Lower Exome Sequencing Coverage of Ancestrally African Patients in the Cancer Genome Atlas

Cette étude analyse, en fonction de l'origine ethnique des patients et pour sept types de cancer, la qualité des données de séquençage incluses dans la base du projet "The Cancer Genome Atlas"

Journal of the National Cancer Institute, sous presse, 2022, article en libre accès

Résumé en anglais

Background : In the US, cancer disproportionately impacts Black and African American individuals. Identifying genetic factors underlying cancer disparities has been an important research focus and requires data that are equitable in both quantity and quality across racial groups. It is widely recognized that DNA databases quantitatively under-represent minorities. However, the differences in data quality between racial groups have not been well studied.

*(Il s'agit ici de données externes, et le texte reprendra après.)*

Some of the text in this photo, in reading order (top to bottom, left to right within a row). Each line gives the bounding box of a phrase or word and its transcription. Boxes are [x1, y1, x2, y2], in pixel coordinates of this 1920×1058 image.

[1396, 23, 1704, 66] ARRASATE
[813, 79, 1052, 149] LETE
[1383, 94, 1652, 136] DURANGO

Methods : We compared the qualities of germline and tumor exomes between ancestrally African and European patients in The Cancer Genome Atlas (TCGA) of seven cancers with at least 50 self-reported Black patients in the context of sequencing depth, tumor purity, and qualities of germline variants and somatic mutations.

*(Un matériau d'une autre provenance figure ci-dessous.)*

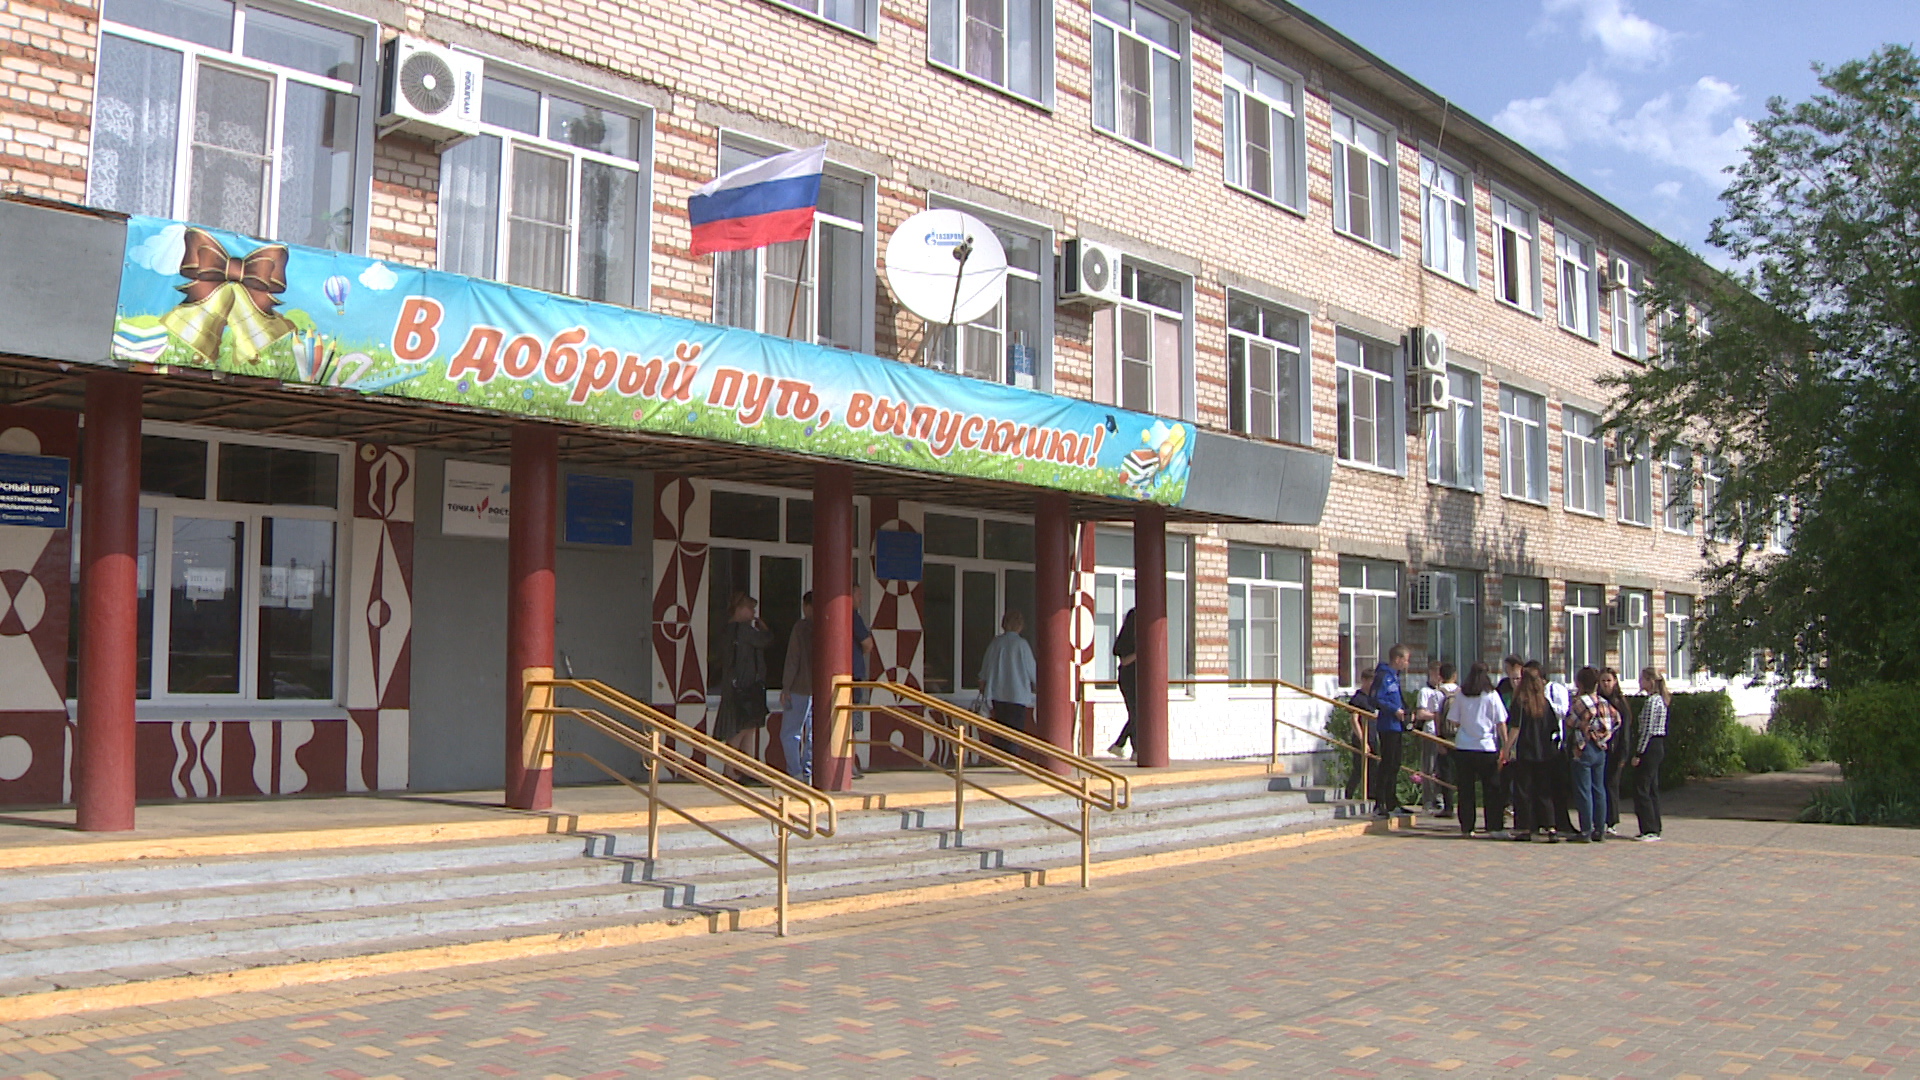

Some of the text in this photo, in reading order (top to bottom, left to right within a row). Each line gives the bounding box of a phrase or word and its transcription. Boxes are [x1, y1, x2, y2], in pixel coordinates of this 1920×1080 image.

Results : Germline and tumor exomes from ancestrally African patients were sequenced at statistically significantly lower depth in six out of the seven cancers. For three cancers, most ancestrally European exomes were sequenced in early sample batches at higher depth whereas ancestrally African exomes were concentrated in later batches and sequenced at much lower depth. For the other three cancers, the reasons of lower sequencing coverage of ancestrally African exomes remain unknown. Furthermore, even when the sequencing depths were comparable, African exomes had disproportionally higher percentages of positions with insufficient coverage, likely due to the known European bias in the human reference genome that impacted exome capture kit design.

Conclusions : Overall and positional lower sequencing depths of ancestrally African exomes in TCGA led to under-detection and lower quality of variants, highlighting the need to consider epidemiological factors for future genomics studies.